There are usually 2-6 diagonal branches that travel over the anterolateral surface of the heart and supply this region as well the anterolateral papillary muscle. .  The diagonals initially run on the surface of the heart and therefore can be visualized by CT imaging. At variable distances from their origin they gradually dive into the myocardium.  The first diagonal is generally the largest branch, but there is a wide variation in size and number of diagonal arteries.

 

Diagonal Arteries Supplying the Anterolateral Aspect of the Left Ventricle

 

The normal coronary arteries of the post mortem specimen have been injected with barium. The heart is projected in the anteroposterior (A-P -a,b) and lateral projection (c,d). In the AP projection the LAD is seen in the interventricular groove and in the lateral projection the LAD is shown anteriorly with branches of the circumflex shown posteriorly, and the diagonals noted between these major branches.

The diagonals supply the anterolateral aspects of the left ventricle.  They are overlaid in red both in their epicardial and their subepicardial distribution (b,d).   As they travel on the epicardial surface the white barium is well visualized (a,c) and while they travel subepicardial a shadow of their distribution is noted.  They dive into the myocardium at variable distances and at variable angles and become invisible as they traverse the myocardium.

Davidoff photography copyright 2009 all rights reserved 22390c02.82sc01.8s

Diagonal Arteries off the LAD

The reconstructed CT image of the normal left coronary circulation from a lateral projection shows the left coronary artery arising from the left aortic cusp starting out as the left main which is a short vessel and not well demonstrated in this view.  The diagonals are well demonstrated in this view with distribution to the anterolateral parts of the left ventricle.

Courtesy Philips Medical Systems 87260b01.8s

 Septal Perforators

Multiple septal perforators (typically  between 4-6 in number) originate at right angles from the LAD, and are directed toward the diaphragm. The first septal artery usually arises just after the first diagonal and it is the largest of the septal arteries. The septal vessels arising from the LAD, supply the upper 2/3rds of the septum.  The right bundle and the anterior fascicle of the left bundle are supplied by the LAD perforators.   In general the density of the capillaries is reduced in the septum making the conduction system in this area susceptible to ischemia.  The lower 1/3rd is supplied by the posterior descending artery and these vessels anastomose seamlessly. The anastomosis allows the  perforators to act as a major collateral pathway between the left and right circulation.  Thus a significant stenosis in the LAD will result in a lower pressure distally in the vessel and the right coronary artery will be able to supply this area via the septal arteries distal to the stenosis.  These collaterals require time to mature and function optimally when the evolution of the stenosis is slow.  In the event of an acute mid LAD thrombosis for example, collaterals will usually not be effective.

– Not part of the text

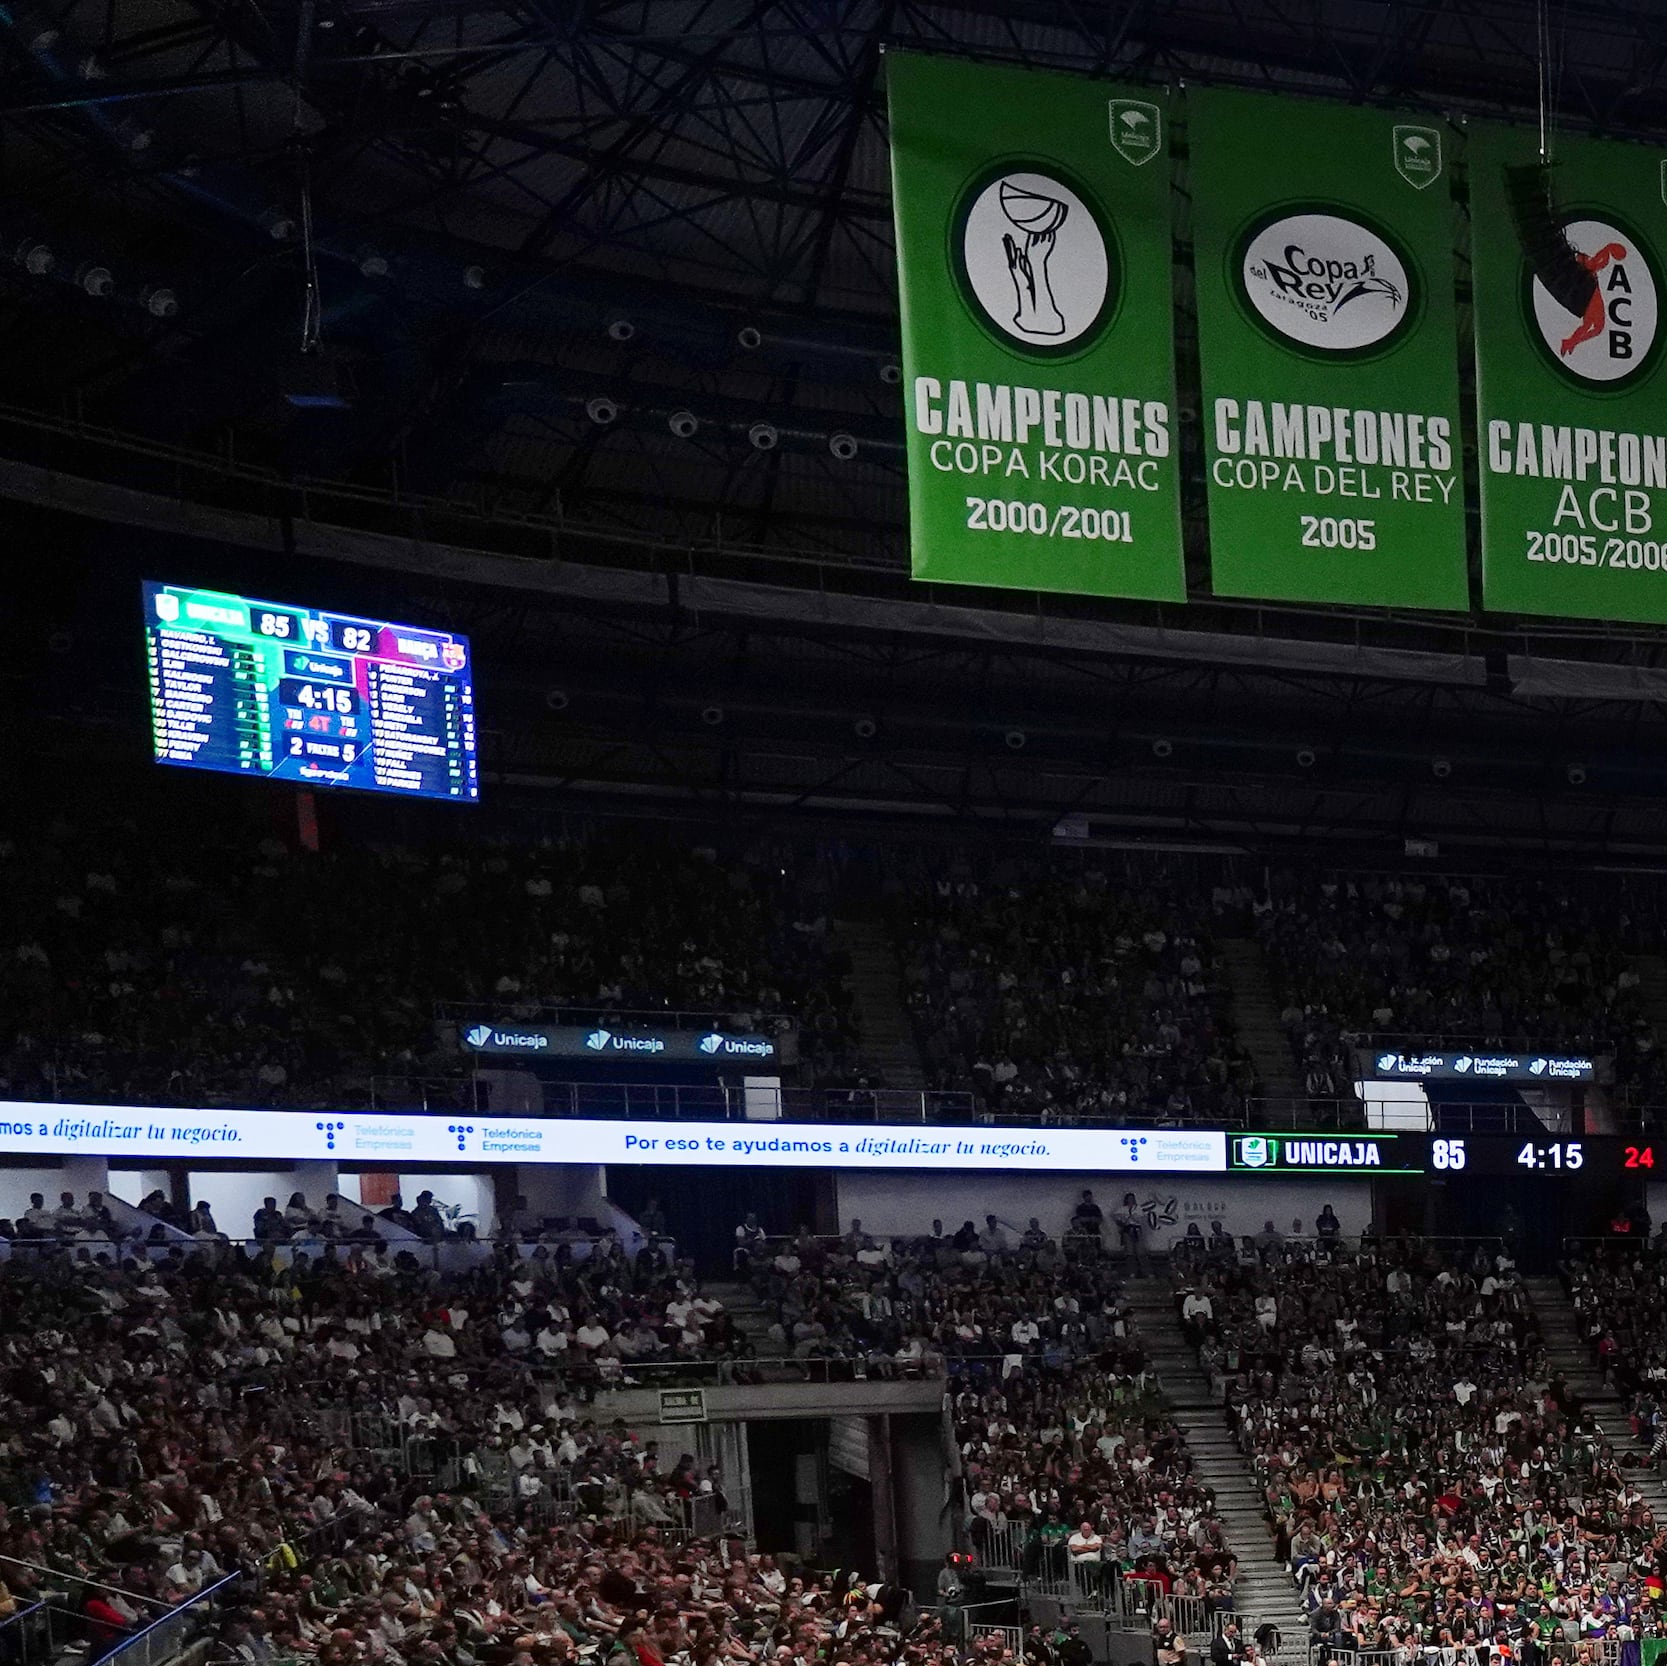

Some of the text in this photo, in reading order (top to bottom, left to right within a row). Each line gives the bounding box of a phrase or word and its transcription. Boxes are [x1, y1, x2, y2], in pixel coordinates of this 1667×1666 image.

Septal Perforators Off the LAD

The angiogram is performed in the RAO projection and the left anterior descending artery is recognized by the fine septal perforators that supply the upper 2/3 rds of the septum. The direction of the septal perforators is characteristic in that they head toward the diaphragm. The lower 1/3 of the septum is supplied by the septal perforators off the PDA. The septal perforators from the LAD and the PDA form an anastomosis. These vessels are not visualised by CT because they are intramural and very small. The first septal perforator is usually larger than the other septals.

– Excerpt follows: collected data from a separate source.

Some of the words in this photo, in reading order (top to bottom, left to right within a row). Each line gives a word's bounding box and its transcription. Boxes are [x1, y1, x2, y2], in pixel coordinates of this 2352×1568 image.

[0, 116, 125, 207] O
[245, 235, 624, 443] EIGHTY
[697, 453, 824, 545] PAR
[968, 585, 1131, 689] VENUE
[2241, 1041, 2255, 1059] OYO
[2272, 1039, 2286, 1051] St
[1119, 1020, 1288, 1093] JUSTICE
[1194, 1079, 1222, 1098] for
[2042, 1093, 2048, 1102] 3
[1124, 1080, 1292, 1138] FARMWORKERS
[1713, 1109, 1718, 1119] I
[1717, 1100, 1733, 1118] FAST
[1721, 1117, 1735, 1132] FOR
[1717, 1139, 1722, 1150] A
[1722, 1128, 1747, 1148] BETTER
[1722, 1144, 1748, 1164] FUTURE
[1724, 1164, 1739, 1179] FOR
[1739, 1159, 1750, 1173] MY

Courtesy Ashley Davidoff MD copyright 2009 all rights reserved 06998c.8s

In angiography multiple projections are required to evaluate stenotic disease.  The distinction between the LAD and diagonals and marginals as they cross over each other is sometimes difficult.  The septal arteries help characterize the LAD and enable recognition by virtue of their size and direction toward diaphragm.

Septal Collaterals

The first angiogram (a,b) is from an injection of the left coronary artery in the RAO projection. A subtotal occlusion in the proximal LAD (arrow) is noted. There is an implied high pressure gradient between the proximal and distal LAD and a predicted low pressure in the distal LAD based on the severity of the stenosis. The second injection (c,d)  is  into a normal right coronary artery with delayed imaging when most of the contrast has washed out from the upstream portion of the RCA vessel and shows septal collateral vessels supplying the downstream LAD from a high pressure RCA to the low pressure of the distal LAD.

Courtesy Ashley Davidoff MD copyright 2009 all rights reserved 15042c02.8s

Circumflex Coronary Artery

The proximal circumflex artery in a right dominant systems measured about 3.5mms in diameter  and is usually about the same size as the proximal LAD. In left dominant systems measured 4mms.

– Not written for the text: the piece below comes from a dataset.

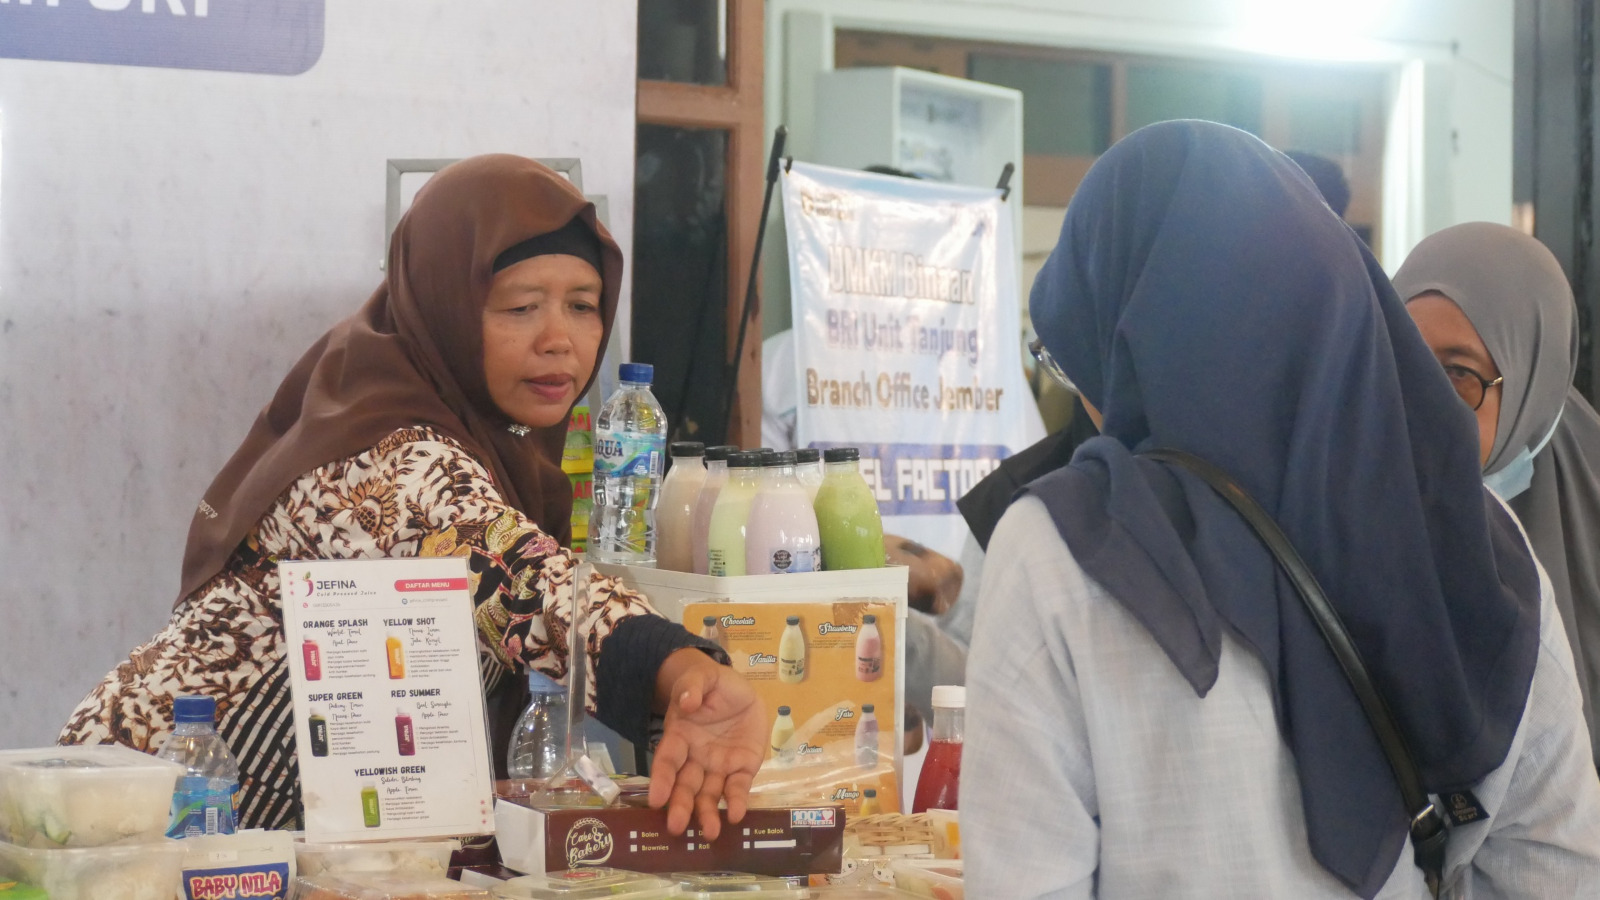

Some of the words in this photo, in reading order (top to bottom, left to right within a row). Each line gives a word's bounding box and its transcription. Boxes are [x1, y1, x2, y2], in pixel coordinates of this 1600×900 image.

In a right dominant system, it arises as a branch of the left main and terminates as a small vessel in the posterior portion of the heart  (85%).

As it starts out it courses under the left atrial appendage to enter the anterior portion of the atrioventricular groove.  In general it gives off 3-5obtuse marginal vessels feeding the anterolateral portion of the heart (usually OM1) , the lateral margin– obtuse marginal proper (usually the largest vessel) being  second (OM2) and the third (usually OM3) feeding the posterolateral aspect sometimes with smaller branches in between.  A posterior left ventricular branch may arise from the circumflex, but it then usually terminates as a small vessel.  The number and size of the obtuse marginal vessels is variable.

The obtuse marginals typically supply the posterolateral aspects of the LV as well as the posterolateral papillary muscle.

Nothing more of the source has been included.